Posted on July 31, 2025
21

A look at two reforms that aim to thwart municipalities’ spendthrift ways.

The seemingly impossible task of preventing municipalities from spending water and electricity revenues on salaries and other services has been debated at national level for more than a decade.

Now, it is finally receiving the attention it deserves. Two reforms in particular aim to curtail municipalities’ spendthrift ways.

National Treasury’s amended Public-Private Partnerships (PPP) regulations came into effect in June, exempting infrastructure projects below R2 billion from some of the more cumbersome procurement processes.

This will unlock opportunities at the municipal level, says Chito Siame, head of private equity at Mergence Investment Managers.

“In water, this could support more localised projects such as wastewater upgrades, pipe replacement, or alternative water sources in drought-prone areas,” says Siame.

“Encouragingly, there is also movement on project preparation and financial structuring, supported by development finance institutions and the Infrastructure Fund. These reforms signal growing alignment between the public sector’s development goals and the private sector’s capacity to deliver at scale.”

ALSO READ: Fixing SA’s water crisis starts with accountability

Ring-fencing and SPVs

Another planned reform is to ring-fence electricity and water revenues at the municipal level to ensure funds are used specifically for maintaining and upgrading related infrastructure.

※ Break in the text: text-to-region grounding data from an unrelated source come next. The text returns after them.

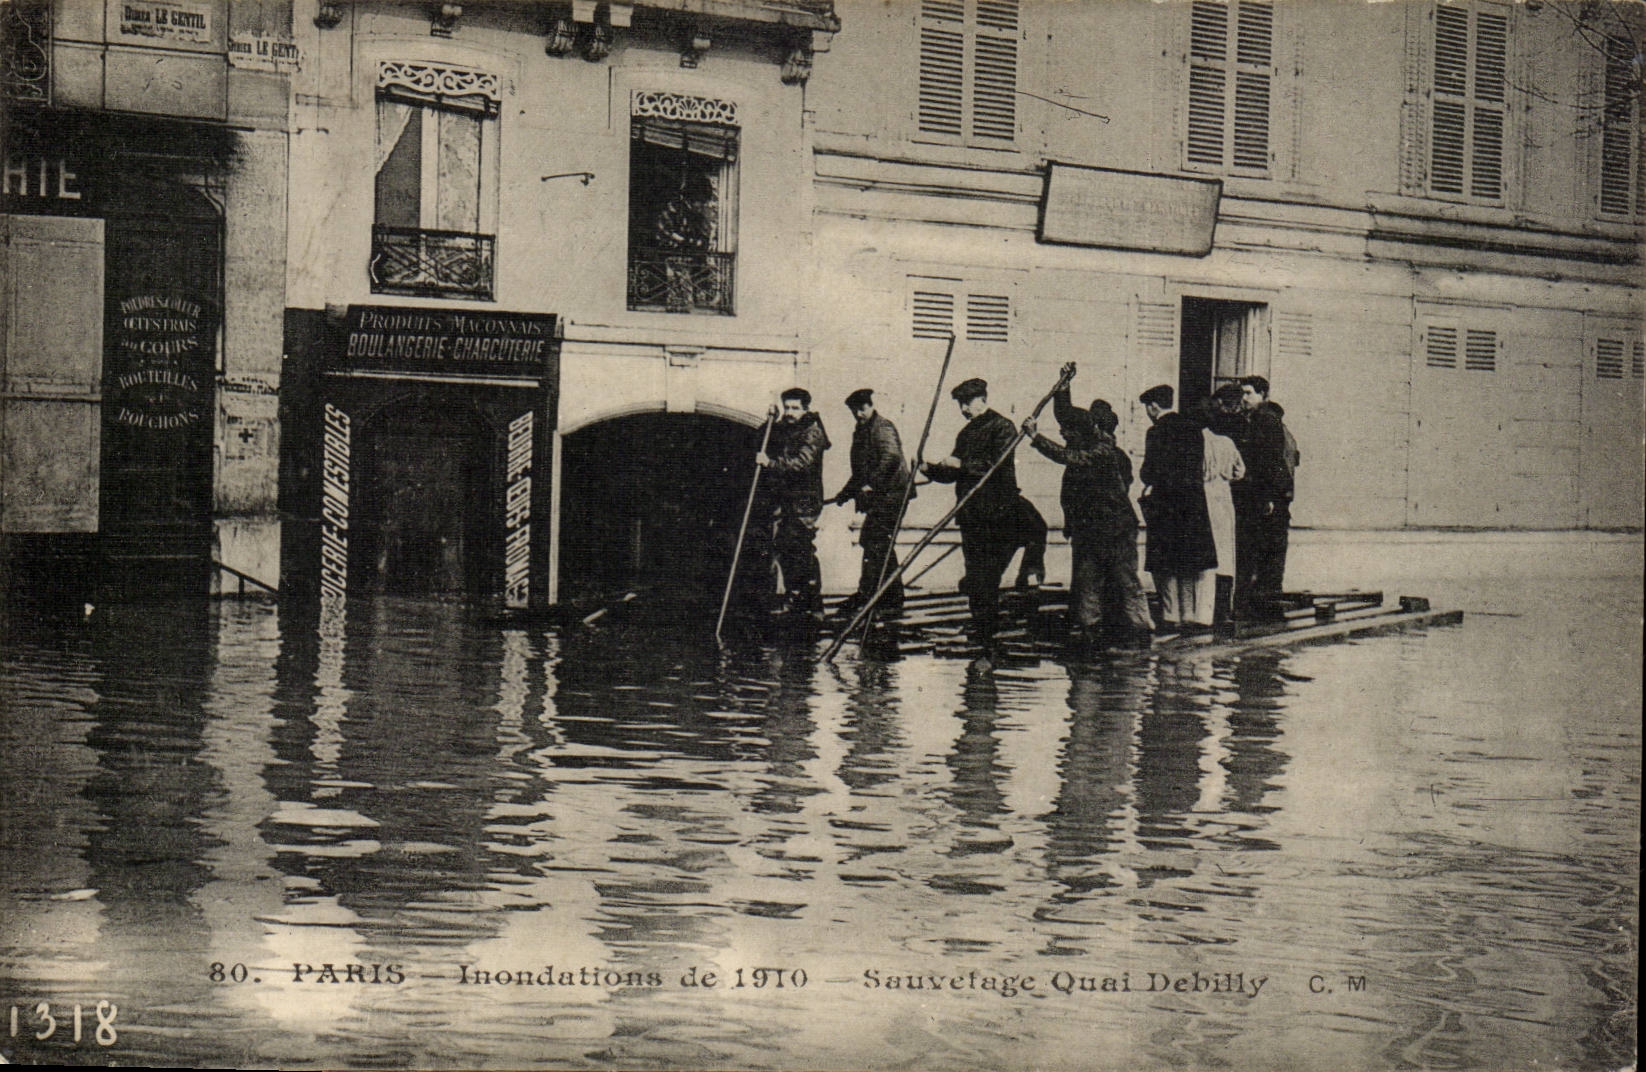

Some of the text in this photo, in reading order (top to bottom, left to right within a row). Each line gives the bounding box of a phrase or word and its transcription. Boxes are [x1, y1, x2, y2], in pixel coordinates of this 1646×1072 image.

[155, 8, 168, 25] LE
[170, 10, 206, 30] GENTIL
[256, 40, 268, 56] LE
[359, 310, 442, 331] PRODUITS
[140, 335, 199, 354] COURS
[347, 332, 546, 364] BOULANGERIE CHARCUTERIE
[118, 407, 200, 429] BOUCHONS
[507, 410, 533, 483] BEURRE
[322, 402, 351, 530] COMESTIBLES

In theory, municipalities are expected to spend 8% of their property, plant and equipment valuations on maintenance, but very few do. Some do close to zero. The result is visible across the country in untended water leaks, deteriorating roads and electricity outages.

Municipalities owe Eskom close to R100 billion and a further R23.4 billion to SA’s nine water boards. Revenues are being collected from residents and, in many cases, not paid over. Money is being used at a frightening rate to fund ever-larger salary bills and other services (including tenders).

Rand Water CEO Sipho Mosai, speaking at a PSG Think Big presentation this week, said the ring-fencing of municipal water revenues will go a long way to recovering the nearly R8 billion it is owed for bulk water services.

“Water services are highly profitable for municipalities, but these funds are used for other services. In the future it will be ring-fenced, and that will go a long way to servicing this debt.”

Auditor-General Tsakani Maluleke sees municipalities as a particularly weak link in the governance chain, with mayors, municipal councils and executive teams failing in their oversight duties.

“When councils are unstable, performance suffers, budgets go unfunded, and infrastructure crumbles,” said Maluleke at a recent press briefing.

Kasief Isaacs, CEO of Creation Capital, which will launch an infrastructure fund later this year, says private sector partnerships are one way to fix municipal water issues, but these require special purpose vehicles (SPVs) to manage the service end-to-end and to preserve the water revenue stream. To function effectively, these SPVs must have their own management and budget.

“One of the problems we have faced up to now is around this issue of ring-fencing. Another issue is interdepartmental dependencies. You dig up a road to repair a broken pipe or need to procure a subcontract and are forced to rely on other departments for these services. Those interdependencies are difficult to manage. The SPV should be allowed to manage this entire process,” says Isaacs.

ALSO READ: Rand Water maintenance deepens Joburg water crisis

eThekwini breaks the ice

In April, the eThekwini Municipality in KwaZulu-Natal announced it would follow National Treasury’s guidance and ring-fence revenues from water sales to ensure it had sufficient budget to repair and maintain its water infrastructure, reduce non-revenue water and illegal connections, and repair leaks.

Not surprisingly, eThekwini reports a significant reduction in water leaks and is now in the procurement stage to bring in a private sector partner to help reduce non-revenue water.

There has been stiff opposition from the unions to the government’s tentative embrace of PPPs, which are seen by some as a betrayal of the national democratic revolution. They would rather see municipalities better managed than handed over to private operators for profit.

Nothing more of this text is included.